Required action: Everything below from the line with "this 1920×1335 image." to the last line, both included, is to be written out exactly, with nothing added.

Data excerpts:
>>>>

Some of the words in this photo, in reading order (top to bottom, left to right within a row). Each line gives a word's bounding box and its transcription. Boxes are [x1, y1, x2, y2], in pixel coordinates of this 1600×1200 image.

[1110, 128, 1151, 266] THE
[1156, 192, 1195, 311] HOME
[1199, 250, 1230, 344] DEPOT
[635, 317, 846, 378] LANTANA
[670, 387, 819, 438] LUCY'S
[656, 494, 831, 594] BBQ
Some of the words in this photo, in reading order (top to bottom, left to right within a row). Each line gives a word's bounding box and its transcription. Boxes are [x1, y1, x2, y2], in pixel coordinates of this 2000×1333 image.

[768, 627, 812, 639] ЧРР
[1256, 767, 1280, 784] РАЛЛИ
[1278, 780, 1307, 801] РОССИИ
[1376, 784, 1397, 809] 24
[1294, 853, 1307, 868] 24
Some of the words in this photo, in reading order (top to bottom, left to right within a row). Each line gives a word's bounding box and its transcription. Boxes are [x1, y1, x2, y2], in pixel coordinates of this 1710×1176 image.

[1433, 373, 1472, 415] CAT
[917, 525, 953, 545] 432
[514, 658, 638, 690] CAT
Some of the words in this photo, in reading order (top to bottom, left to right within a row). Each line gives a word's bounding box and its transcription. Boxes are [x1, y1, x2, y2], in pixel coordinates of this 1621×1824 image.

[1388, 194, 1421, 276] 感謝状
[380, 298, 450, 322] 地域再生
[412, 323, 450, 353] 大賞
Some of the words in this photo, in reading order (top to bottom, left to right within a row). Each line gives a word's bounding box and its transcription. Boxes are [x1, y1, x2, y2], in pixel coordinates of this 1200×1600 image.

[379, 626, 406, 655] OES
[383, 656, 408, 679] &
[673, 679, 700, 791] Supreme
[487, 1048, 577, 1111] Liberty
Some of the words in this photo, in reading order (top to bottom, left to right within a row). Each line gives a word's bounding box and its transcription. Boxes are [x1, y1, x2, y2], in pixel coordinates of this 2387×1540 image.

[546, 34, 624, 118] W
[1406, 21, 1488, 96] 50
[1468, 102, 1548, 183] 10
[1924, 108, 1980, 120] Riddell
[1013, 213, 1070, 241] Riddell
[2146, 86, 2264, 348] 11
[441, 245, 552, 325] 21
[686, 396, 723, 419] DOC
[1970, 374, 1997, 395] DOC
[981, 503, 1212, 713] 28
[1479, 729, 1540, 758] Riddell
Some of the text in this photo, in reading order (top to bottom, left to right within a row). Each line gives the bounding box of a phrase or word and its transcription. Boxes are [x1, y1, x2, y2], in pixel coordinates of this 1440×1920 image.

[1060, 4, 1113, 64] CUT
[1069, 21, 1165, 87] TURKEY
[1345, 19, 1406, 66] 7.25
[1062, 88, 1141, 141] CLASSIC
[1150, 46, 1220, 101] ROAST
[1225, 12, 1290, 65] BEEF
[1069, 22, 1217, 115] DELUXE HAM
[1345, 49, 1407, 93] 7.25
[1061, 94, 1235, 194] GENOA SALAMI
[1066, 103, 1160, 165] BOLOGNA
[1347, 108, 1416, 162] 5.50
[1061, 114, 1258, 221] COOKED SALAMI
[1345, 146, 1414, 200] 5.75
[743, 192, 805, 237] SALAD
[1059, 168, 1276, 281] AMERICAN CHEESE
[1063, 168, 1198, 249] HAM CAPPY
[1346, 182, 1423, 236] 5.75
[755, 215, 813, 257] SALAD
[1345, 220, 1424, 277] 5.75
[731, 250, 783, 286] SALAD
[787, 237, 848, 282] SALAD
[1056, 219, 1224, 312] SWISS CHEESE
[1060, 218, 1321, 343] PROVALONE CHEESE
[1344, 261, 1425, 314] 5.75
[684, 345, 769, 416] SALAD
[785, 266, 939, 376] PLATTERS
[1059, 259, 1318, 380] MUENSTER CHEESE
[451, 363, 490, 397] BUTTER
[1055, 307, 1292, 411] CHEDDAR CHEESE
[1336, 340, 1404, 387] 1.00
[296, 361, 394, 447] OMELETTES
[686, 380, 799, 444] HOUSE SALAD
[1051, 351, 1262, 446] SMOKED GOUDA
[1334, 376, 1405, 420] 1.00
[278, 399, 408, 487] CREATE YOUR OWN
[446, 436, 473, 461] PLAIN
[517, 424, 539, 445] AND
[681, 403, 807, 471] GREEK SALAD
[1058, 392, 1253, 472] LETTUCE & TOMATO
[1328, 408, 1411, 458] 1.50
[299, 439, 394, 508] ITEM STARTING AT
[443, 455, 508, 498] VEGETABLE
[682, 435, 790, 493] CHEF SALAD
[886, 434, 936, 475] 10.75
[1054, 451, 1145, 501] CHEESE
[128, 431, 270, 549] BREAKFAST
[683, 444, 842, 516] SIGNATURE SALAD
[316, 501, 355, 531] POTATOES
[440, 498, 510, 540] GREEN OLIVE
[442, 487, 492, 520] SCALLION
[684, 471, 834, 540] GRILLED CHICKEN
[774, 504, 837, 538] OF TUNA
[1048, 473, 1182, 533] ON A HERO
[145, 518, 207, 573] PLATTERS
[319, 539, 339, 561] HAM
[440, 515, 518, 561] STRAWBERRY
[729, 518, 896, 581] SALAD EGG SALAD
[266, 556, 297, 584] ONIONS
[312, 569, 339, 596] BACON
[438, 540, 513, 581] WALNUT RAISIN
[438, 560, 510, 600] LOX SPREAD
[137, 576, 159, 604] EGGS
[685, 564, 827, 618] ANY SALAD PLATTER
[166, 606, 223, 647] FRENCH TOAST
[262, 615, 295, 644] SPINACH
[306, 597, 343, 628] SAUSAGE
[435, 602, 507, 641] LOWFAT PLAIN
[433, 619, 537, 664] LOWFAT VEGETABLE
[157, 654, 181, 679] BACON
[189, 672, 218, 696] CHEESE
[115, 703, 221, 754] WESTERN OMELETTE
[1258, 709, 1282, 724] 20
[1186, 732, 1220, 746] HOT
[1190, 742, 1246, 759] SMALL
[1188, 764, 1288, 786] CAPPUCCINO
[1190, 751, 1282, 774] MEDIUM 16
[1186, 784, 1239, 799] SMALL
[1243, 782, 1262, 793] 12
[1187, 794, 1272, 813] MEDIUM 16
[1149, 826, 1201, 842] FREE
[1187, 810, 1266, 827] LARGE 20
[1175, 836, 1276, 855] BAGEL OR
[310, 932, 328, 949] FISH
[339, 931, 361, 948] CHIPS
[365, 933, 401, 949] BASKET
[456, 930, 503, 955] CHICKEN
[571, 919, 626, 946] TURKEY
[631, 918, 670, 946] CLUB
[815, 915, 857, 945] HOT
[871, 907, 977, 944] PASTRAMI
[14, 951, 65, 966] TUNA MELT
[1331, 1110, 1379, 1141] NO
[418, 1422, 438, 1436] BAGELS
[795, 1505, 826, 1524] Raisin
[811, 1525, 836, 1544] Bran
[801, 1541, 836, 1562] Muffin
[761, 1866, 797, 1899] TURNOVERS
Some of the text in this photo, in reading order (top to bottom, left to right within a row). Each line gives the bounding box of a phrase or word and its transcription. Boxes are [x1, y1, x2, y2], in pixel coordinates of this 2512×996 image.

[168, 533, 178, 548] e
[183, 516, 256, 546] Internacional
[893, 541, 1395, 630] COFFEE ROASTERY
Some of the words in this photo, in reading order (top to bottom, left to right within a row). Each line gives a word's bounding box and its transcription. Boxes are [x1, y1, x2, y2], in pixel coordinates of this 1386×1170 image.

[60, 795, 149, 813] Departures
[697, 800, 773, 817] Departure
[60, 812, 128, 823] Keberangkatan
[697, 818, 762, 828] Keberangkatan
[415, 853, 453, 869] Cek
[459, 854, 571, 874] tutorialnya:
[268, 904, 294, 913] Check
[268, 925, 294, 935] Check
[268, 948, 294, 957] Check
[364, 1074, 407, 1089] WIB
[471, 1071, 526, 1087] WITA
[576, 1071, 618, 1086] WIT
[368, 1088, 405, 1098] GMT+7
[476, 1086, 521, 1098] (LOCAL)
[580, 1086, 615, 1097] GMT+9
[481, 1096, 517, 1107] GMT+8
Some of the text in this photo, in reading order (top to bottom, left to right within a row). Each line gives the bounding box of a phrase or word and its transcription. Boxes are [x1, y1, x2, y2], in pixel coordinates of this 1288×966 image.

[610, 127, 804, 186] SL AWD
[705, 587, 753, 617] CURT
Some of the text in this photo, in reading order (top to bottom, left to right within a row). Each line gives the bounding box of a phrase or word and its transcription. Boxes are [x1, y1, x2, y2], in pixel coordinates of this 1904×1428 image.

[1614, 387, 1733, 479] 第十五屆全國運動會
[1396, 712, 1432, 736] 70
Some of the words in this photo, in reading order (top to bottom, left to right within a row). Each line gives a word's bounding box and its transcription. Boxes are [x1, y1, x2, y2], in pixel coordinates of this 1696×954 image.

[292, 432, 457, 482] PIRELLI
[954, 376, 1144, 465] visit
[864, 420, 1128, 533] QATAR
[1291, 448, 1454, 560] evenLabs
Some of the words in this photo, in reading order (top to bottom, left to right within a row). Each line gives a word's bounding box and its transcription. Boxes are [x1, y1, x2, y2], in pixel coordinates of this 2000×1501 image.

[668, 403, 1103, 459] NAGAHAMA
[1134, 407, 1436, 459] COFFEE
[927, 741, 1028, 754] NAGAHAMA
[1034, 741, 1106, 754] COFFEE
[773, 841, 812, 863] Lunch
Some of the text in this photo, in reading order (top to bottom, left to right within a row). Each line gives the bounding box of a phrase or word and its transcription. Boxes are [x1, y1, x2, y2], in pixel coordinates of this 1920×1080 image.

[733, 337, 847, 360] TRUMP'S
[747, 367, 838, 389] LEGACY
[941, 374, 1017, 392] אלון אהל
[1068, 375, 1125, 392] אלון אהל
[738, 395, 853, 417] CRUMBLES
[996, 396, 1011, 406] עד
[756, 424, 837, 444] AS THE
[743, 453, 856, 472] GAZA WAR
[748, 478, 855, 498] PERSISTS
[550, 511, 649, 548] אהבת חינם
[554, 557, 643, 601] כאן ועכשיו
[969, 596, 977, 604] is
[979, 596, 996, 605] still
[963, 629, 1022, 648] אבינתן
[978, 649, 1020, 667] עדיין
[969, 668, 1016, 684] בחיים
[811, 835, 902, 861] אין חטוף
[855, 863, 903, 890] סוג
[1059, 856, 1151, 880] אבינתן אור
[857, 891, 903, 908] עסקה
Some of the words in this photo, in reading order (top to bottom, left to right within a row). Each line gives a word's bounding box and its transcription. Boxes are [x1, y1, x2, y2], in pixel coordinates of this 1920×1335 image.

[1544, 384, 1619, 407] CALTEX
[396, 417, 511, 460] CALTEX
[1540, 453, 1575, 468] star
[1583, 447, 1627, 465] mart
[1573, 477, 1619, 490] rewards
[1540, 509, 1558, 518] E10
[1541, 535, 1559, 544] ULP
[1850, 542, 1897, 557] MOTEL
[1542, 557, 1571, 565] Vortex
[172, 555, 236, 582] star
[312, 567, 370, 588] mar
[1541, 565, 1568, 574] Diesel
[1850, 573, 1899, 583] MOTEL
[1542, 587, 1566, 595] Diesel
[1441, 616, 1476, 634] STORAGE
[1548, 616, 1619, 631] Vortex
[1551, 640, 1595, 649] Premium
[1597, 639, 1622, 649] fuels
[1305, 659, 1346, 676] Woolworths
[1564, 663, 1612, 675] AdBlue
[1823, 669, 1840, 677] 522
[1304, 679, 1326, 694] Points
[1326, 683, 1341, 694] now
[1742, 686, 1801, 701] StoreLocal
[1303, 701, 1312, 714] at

<<<<

Result:
Some of the words in this photo, in reading order (top to bottom, left to right within a row). Each line gives a word's bounding box and its transcription. Boxes are [x1, y1, x2, y2], in pixel coordinates of this 1920×1335 image.

[1544, 384, 1619, 407] CALTEX
[396, 417, 511, 460] CALTEX
[1540, 453, 1575, 468] star
[1583, 447, 1627, 465] mart
[1573, 477, 1619, 490] rewards
[1540, 509, 1558, 518] E10
[1541, 535, 1559, 544] ULP
[1850, 542, 1897, 557] MOTEL
[1542, 557, 1571, 565] Vortex
[172, 555, 236, 582] star
[312, 567, 370, 588] mar
[1541, 565, 1568, 574] Diesel
[1850, 573, 1899, 583] MOTEL
[1542, 587, 1566, 595] Diesel
[1441, 616, 1476, 634] STORAGE
[1548, 616, 1619, 631] Vortex
[1551, 640, 1595, 649] Premium
[1597, 639, 1622, 649] fuels
[1305, 659, 1346, 676] Woolworths
[1564, 663, 1612, 675] AdBlue
[1823, 669, 1840, 677] 522
[1304, 679, 1326, 694] Points
[1326, 683, 1341, 694] now
[1742, 686, 1801, 701] StoreLocal
[1303, 701, 1312, 714] at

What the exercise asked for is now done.